Image-backed grounding data
___

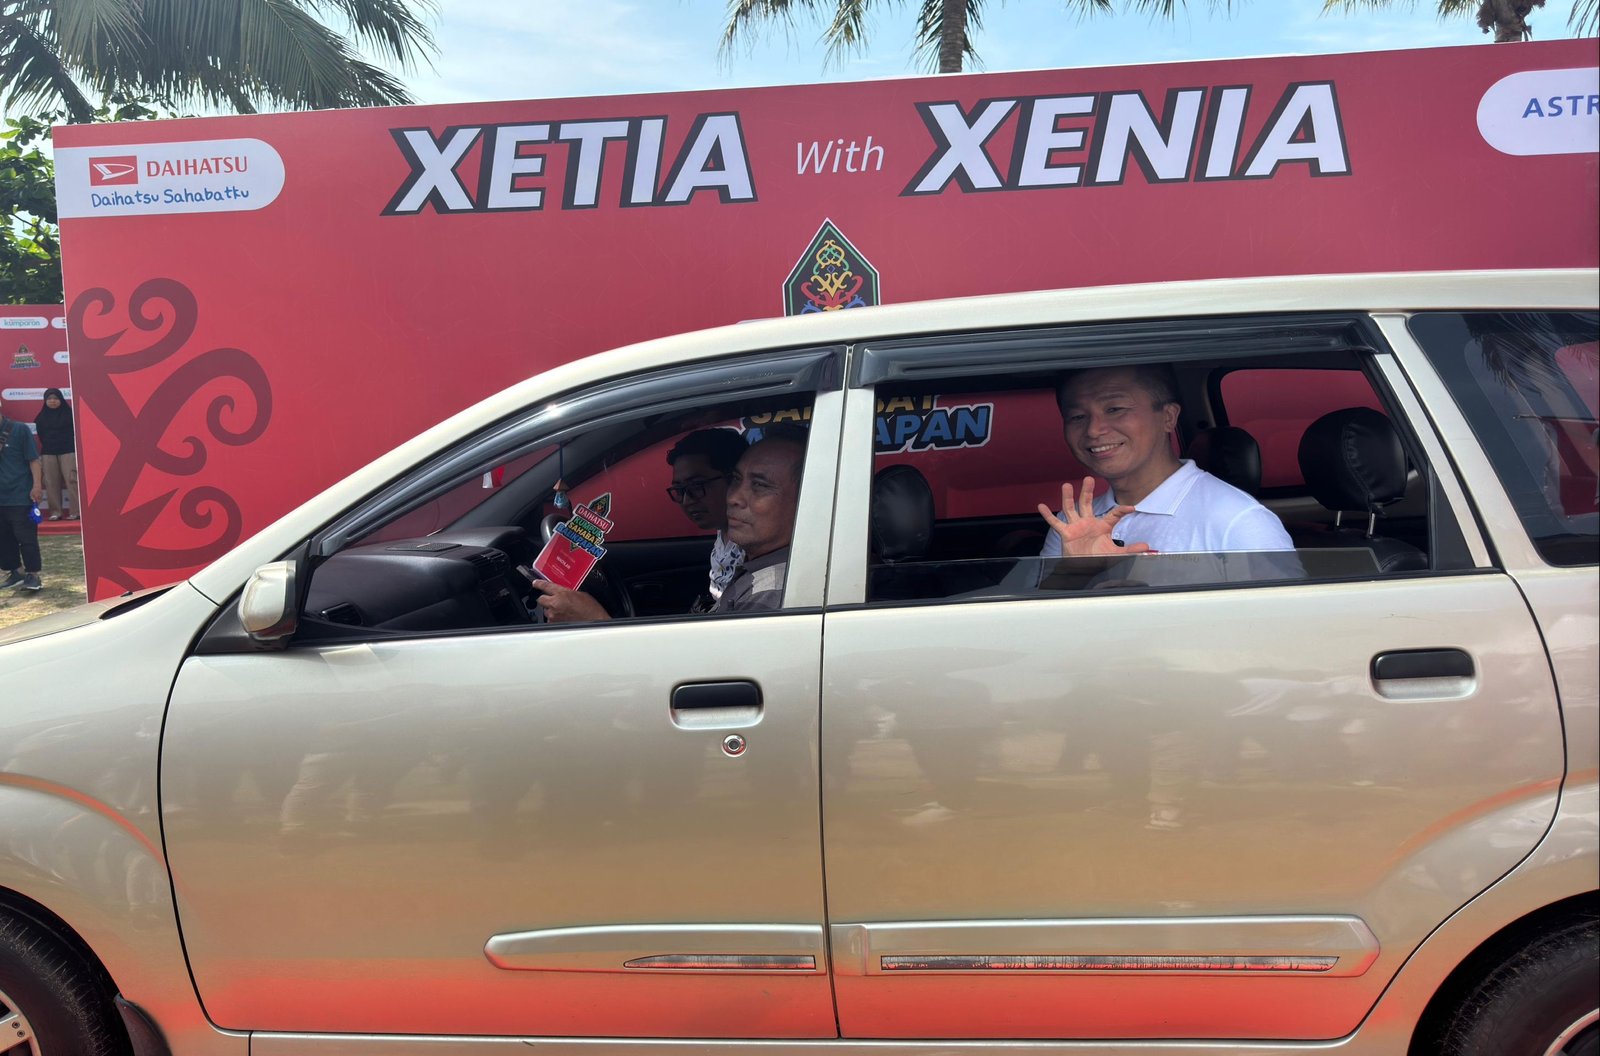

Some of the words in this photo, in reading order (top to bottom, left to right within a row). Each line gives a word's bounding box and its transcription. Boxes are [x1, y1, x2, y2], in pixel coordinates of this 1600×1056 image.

[386, 110, 756, 214] XETIA
[796, 136, 885, 175] With
[906, 82, 1350, 195] XENIA
[146, 156, 248, 177] DAIHATSU
[91, 189, 160, 208] Daihatsu
[163, 186, 250, 204] Sahabatku
[578, 505, 609, 531] DAIHATSU
[567, 521, 603, 546] SAHABAT

___

Each entry is to be output exactly, and no picture is to appear.

Some of the words in this photo, in reading order (top to bottom, left to right within a row). Each line gives a word's bounding box and its transcription. Boxes are [x1, y1, x2, y2], in pixel coordinates of this 1600×1056 image.

[386, 110, 756, 214] XETIA
[796, 136, 885, 175] With
[906, 82, 1350, 195] XENIA
[146, 156, 248, 177] DAIHATSU
[91, 189, 160, 208] Daihatsu
[163, 186, 250, 204] Sahabatku
[578, 505, 609, 531] DAIHATSU
[567, 521, 603, 546] SAHABAT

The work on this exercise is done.